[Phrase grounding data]
------------------------------------
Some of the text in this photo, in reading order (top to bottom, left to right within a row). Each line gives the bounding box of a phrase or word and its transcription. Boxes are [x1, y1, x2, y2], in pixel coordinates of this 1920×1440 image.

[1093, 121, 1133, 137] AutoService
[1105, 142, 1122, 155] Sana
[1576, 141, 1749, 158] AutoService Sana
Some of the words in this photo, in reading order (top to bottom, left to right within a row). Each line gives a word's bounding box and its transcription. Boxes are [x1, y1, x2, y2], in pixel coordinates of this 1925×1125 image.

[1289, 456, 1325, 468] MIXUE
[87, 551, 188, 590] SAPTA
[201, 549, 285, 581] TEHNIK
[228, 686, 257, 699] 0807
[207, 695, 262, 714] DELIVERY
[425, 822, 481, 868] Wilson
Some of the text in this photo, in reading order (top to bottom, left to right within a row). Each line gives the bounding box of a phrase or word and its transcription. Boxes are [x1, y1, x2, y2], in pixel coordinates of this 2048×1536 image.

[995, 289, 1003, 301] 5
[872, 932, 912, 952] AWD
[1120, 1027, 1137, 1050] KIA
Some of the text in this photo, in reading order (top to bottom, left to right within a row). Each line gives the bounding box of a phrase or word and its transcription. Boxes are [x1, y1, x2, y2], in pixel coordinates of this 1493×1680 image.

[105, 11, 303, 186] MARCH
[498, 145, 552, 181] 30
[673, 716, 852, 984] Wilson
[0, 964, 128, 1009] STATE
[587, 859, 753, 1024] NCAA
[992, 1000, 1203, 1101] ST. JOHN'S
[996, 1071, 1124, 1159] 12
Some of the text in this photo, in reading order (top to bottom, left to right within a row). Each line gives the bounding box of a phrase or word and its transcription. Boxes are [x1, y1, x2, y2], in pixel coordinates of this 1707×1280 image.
------------------------------------
> _WORK REQUIRED_: Transcribe each line above exactly; skip none.

> _SOLUTION_:
Some of the text in this photo, in reading order (top to bottom, left to right within a row). Each line gives the bounding box of a phrase or word and its transcription. Boxes are [x1, y1, x2, y2], in pixel coordinates of this 1920×1440 image.

[1093, 121, 1133, 137] AutoService
[1105, 142, 1122, 155] Sana
[1576, 141, 1749, 158] AutoService Sana
Some of the words in this photo, in reading order (top to bottom, left to right within a row). Each line gives a word's bounding box and its transcription. Boxes are [x1, y1, x2, y2], in pixel coordinates of this 1925×1125 image.

[1289, 456, 1325, 468] MIXUE
[87, 551, 188, 590] SAPTA
[201, 549, 285, 581] TEHNIK
[228, 686, 257, 699] 0807
[207, 695, 262, 714] DELIVERY
[425, 822, 481, 868] Wilson
Some of the text in this photo, in reading order (top to bottom, left to right within a row). Each line gives the bounding box of a phrase or word and its transcription. Boxes are [x1, y1, x2, y2], in pixel coordinates of this 2048×1536 image.

[995, 289, 1003, 301] 5
[872, 932, 912, 952] AWD
[1120, 1027, 1137, 1050] KIA
Some of the text in this photo, in reading order (top to bottom, left to right within a row). Each line gives the bounding box of a phrase or word and its transcription. Boxes are [x1, y1, x2, y2], in pixel coordinates of this 1493×1680 image.

[105, 11, 303, 186] MARCH
[498, 145, 552, 181] 30
[673, 716, 852, 984] Wilson
[0, 964, 128, 1009] STATE
[587, 859, 753, 1024] NCAA
[992, 1000, 1203, 1101] ST. JOHN'S
[996, 1071, 1124, 1159] 12
Some of the text in this photo, in reading order (top to bottom, left to right within a row). Each line gives the bounding box of a phrase or word and its transcription. Boxes are [x1, y1, x2, y2], in pixel coordinates of this 1707×1280 image.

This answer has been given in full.